Il controllo di questa vasta regione, che è economicamente ricca di risorse e piena di depositi d’oro e minerali di uranio, nonché di rame, zinco, ferro e alluminio, significa che hanno una fornitura costante e vitale di denaro per il loro sforzo bellico. Inoltre, d’ora in poi, possono concentrarsi sul trasferimento nell’est del Sudan, che è controllato dal governo del Sudan riconosciuto a livello internazionale e sostenuto dalla SAF.

Sebbene il SAF, un esercito professionale di tra 200.000 e 300.000 soldati e molto meglio equipaggiato con armi e abbia una maggiore superiorità aerea, stava combattendo una dura battaglia contro la RSF a Khartoum nel 2023, e alla fine di agosto di quell’anno, ha trasferito il suo quartier generale dell’esercito nel porto del Sudan dove rimane lì fino ad oggi.

La capitale è stata devastata dalla guerra e ha reso molte delle sue istituzioni infunzionali con il 70% delle sue infrastrutture elettriche e idriche distrutte. La sua popolazione è stata stimata in 7 milioni, ma la guerra iniziata nel 2023 ha costretto 2 milioni a correre per salvarsi la vita. Mentre un milione è tornato da allora, la situazione continua ad essere precaria nonostante il fatto che la SAF abbia ripreso il controllo del capitale e abbia spinto fuori la RSF.

Ciò significa che il centro del governo e SAF continuerebbe ad essere il porto del Sudan poiché le stime iniziali dei costi della ricostruzione di Khartoum sono stimate dalle Nazioni Unite a 350 milioni di dollari solo per le strutture di base.

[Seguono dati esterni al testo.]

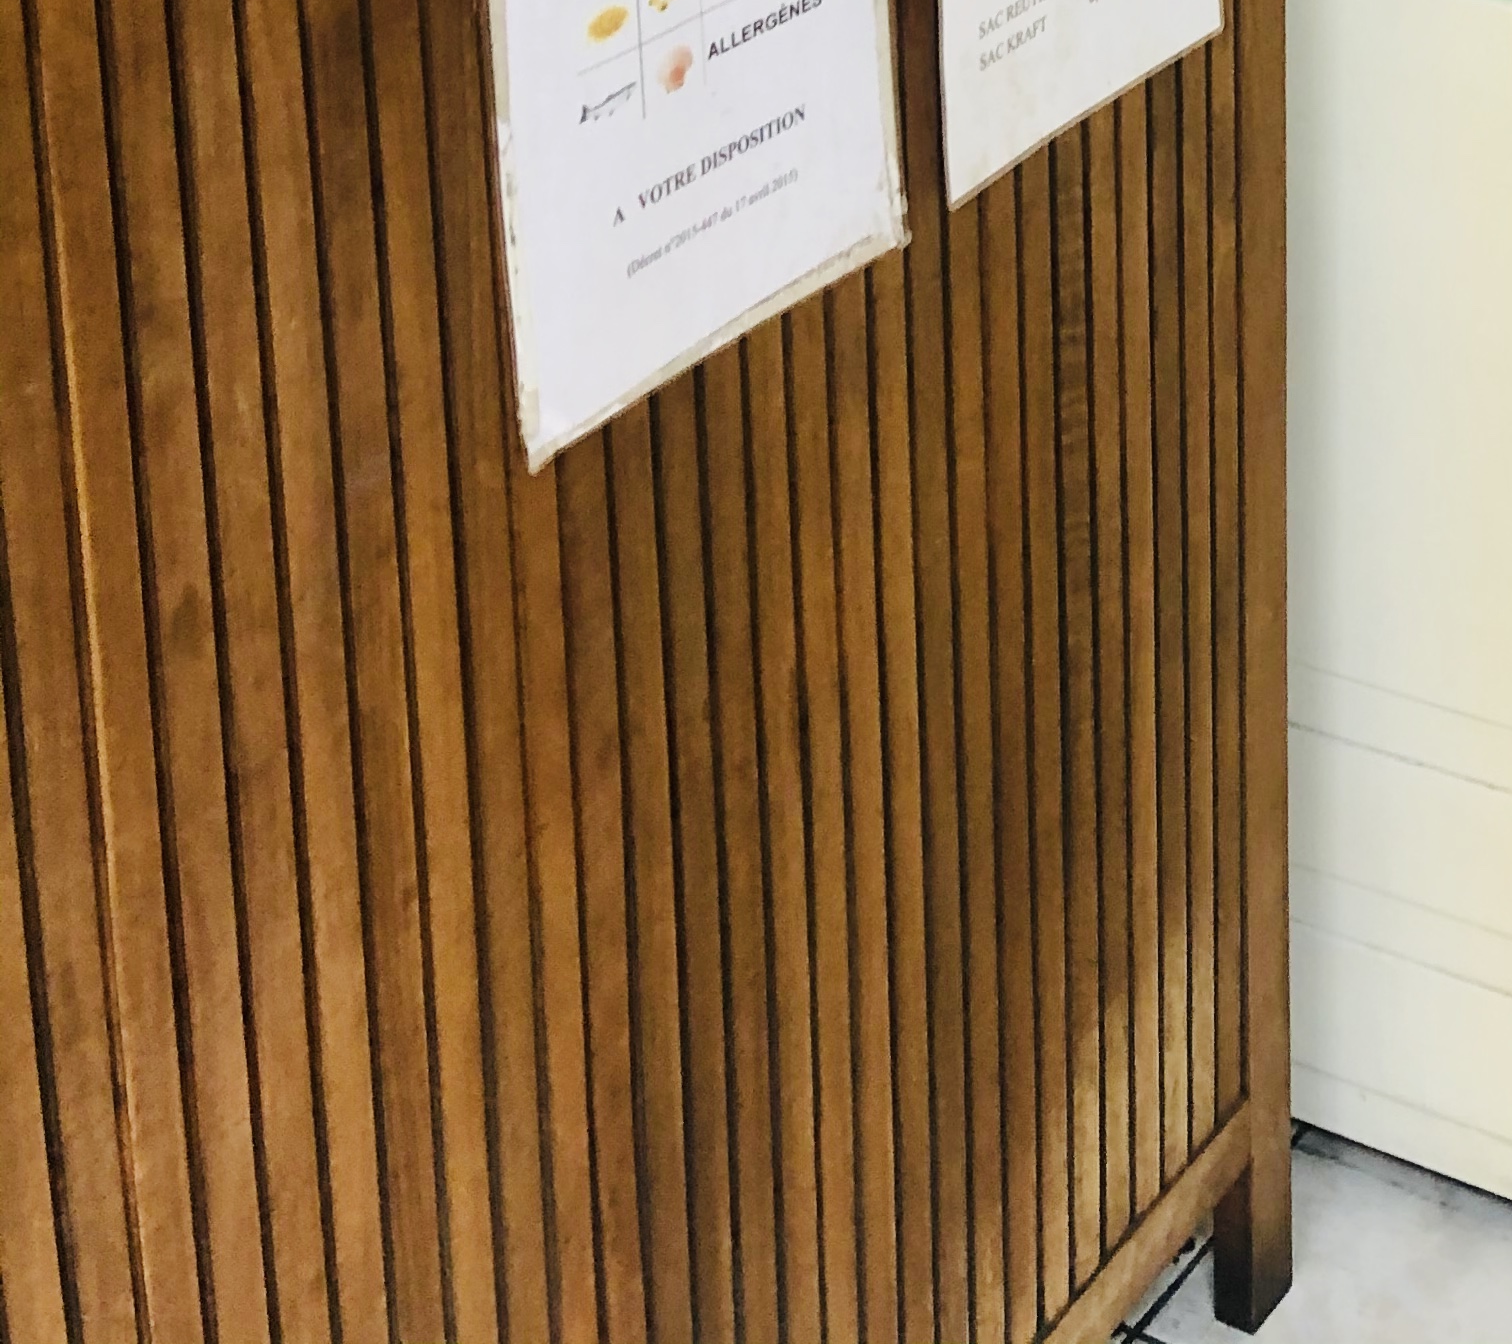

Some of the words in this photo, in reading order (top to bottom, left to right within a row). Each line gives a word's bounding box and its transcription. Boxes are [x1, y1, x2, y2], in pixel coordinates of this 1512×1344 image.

[978, 9, 1005, 41] SAC
[978, 42, 1005, 73] SAC
[1006, 14, 1048, 55] KRAFT
[637, 162, 698, 210] VOTRE
[699, 103, 807, 178] DISPOSITION

Tuttavia, si sostiene che la città ha bisogno di miliardi di dollari solo per rialzarsi.

Nel frattempo, la guerra è destinata a continuare su tutti i fronti. Attualmente la RSF controlla solo cinque dei 18 stati che componono il Sudan. E a meno che non si raggiunga una soluzione politica, la RSF continuerà a combattere.

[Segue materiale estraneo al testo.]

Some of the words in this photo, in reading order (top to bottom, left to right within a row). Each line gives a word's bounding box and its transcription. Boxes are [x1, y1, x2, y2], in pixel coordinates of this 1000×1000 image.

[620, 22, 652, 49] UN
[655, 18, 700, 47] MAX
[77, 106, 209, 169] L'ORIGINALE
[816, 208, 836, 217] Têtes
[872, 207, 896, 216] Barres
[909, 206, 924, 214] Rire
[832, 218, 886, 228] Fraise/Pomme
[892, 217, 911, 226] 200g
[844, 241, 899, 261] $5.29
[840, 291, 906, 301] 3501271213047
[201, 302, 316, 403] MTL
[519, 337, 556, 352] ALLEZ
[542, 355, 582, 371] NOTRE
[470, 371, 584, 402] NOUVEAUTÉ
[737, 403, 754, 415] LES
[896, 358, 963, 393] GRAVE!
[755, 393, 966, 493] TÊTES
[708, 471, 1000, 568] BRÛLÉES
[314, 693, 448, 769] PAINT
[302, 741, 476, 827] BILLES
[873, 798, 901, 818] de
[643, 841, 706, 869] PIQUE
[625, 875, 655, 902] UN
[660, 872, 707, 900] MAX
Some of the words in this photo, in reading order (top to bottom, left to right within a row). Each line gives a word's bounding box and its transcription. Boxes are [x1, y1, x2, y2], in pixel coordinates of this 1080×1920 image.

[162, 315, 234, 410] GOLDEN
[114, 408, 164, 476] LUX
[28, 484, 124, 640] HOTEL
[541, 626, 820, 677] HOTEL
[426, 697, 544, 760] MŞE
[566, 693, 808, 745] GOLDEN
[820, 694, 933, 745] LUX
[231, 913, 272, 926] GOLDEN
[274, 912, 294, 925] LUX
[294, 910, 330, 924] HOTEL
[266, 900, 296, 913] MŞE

Nel frattempo ci sono sforzi internazionali per porre fine ai combattimenti e raggiungere un cessate il fuoco. Il cosiddetto gruppo di mediazione Quad comprende Stati Uniti, Arabia Saudita, Emirati Arabi Uniti ed Egitto. Vogliono stabilire una tabella di marcia che le due parti concorderebbero per porre fine alla guerra in Sudan.

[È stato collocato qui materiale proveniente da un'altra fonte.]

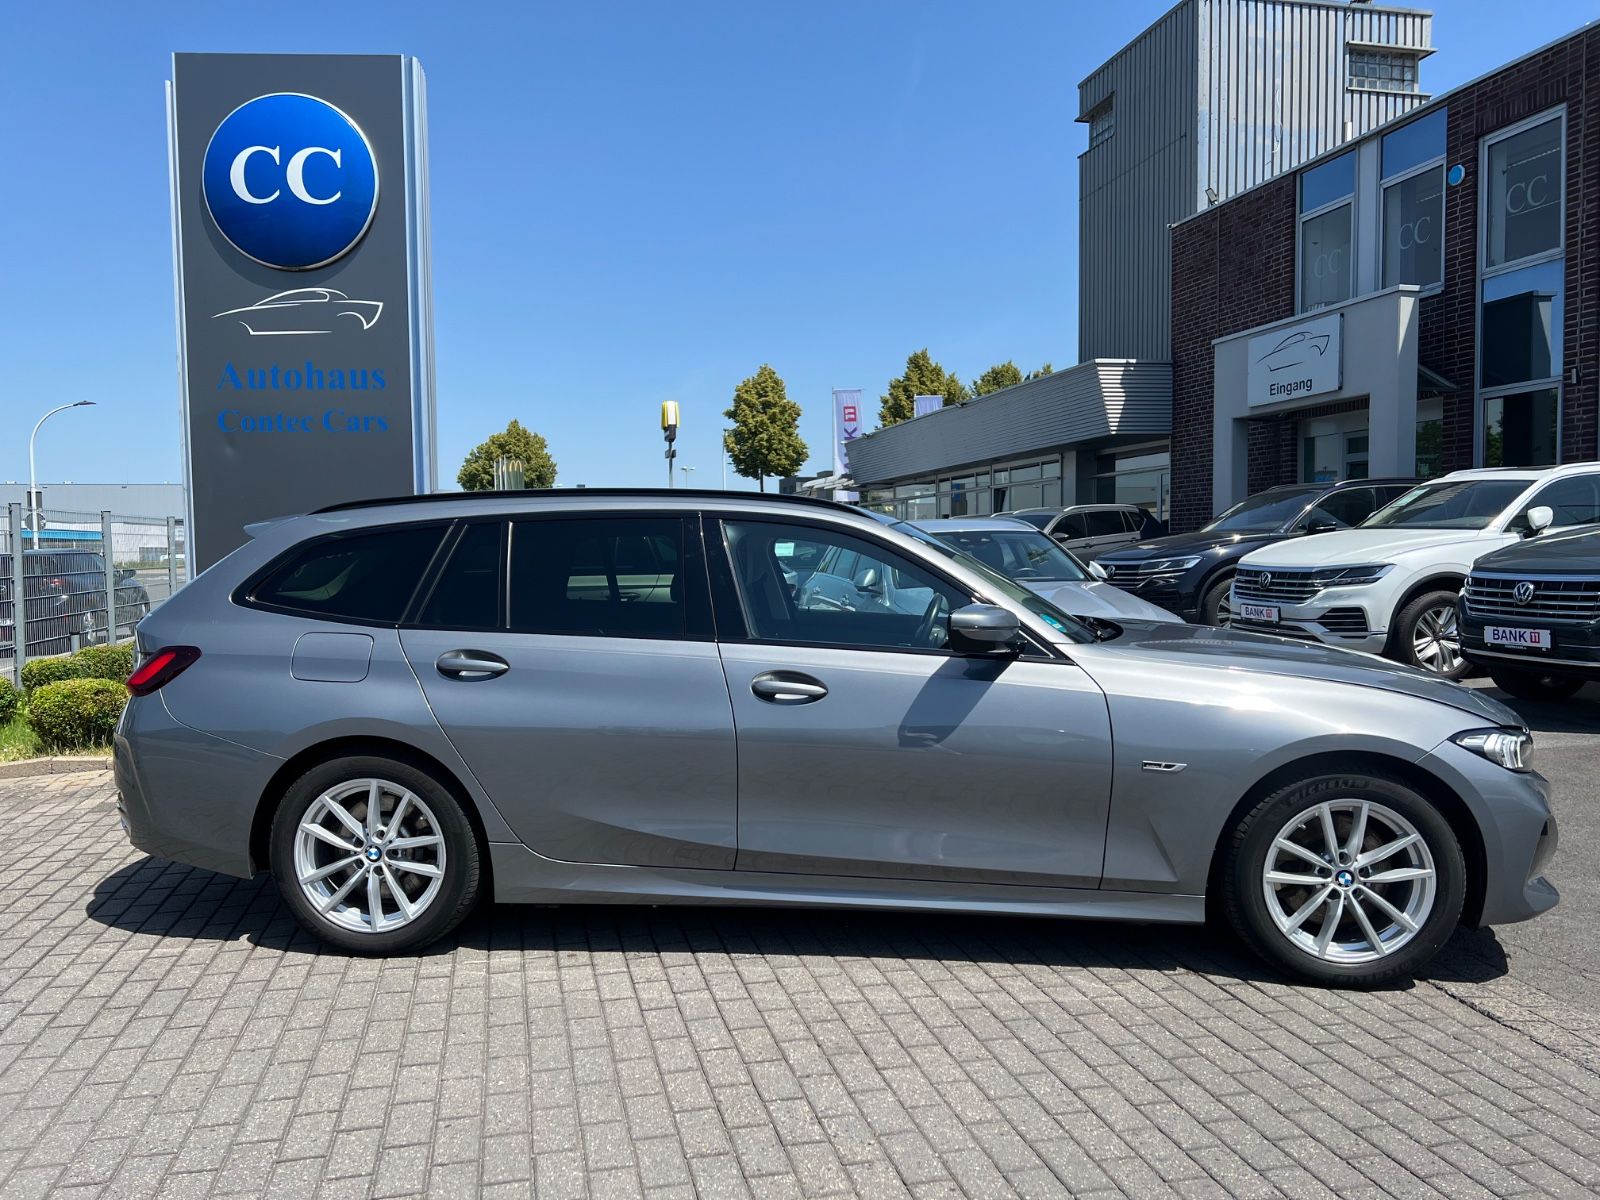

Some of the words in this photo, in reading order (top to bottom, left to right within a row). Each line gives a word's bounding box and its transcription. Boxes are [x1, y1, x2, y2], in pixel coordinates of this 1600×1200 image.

[229, 145, 342, 205] CC
[1506, 174, 1548, 213] CC
[1399, 216, 1431, 250] CC
[216, 360, 387, 391] Autohaus
[1269, 376, 1313, 396] Eingang
[217, 408, 314, 433] Contec
[322, 408, 389, 433] Cars
[1245, 606, 1265, 618] BANK
[1492, 628, 1528, 643] BANK
[1530, 631, 1540, 643] 11

Ma c’è ancora molta strada da fare perché le diverse fazioni militari in Sudan accusano i paesi mediatori di pregiudizio e di sostenere parti diverse. Questo è fortemente negato da loro.

I mediatori devono muoversi velocemente a causa degli sviluppi rapidi sul campo relativi a due punti cruciali di mescolanza: oggi, c’è una divisione territoriale/geografica de facto del “Sudan occidentale e orientale” lungo il lato delle due fazioni militari con l’altra che è la RSF ha già stabilito un cosiddetto “governo di pace e unità” a Nyala, la capitale del sud del Darfur.

Ciò significherà in realtà che l’attuale guerra continuerà a meno che non ci sia una discesa o una soluzione negoziata all’attuale intenso status quo, ma i giorni a venire saranno difficili soprattutto sulla questione della crisi dei rifugiati con le Nazioni Unite come al solito facendo appello a entrambe le parti per risolvere le loro differenze.

Di Marwan Asmar

Marwan Asmar ha conseguito un dottorato di ricerca presso l'Università di Leeds ed è uno scrittore freelance specializzato in Medio Oriente. Ha lavorato come giornalista dai primi anni '90 in Giordania e nei paesi del Golfo, ed è stato ampiamente pubblicato, anche ad Albawaba, Gulf News, Al Ghad, World Press Review e altri.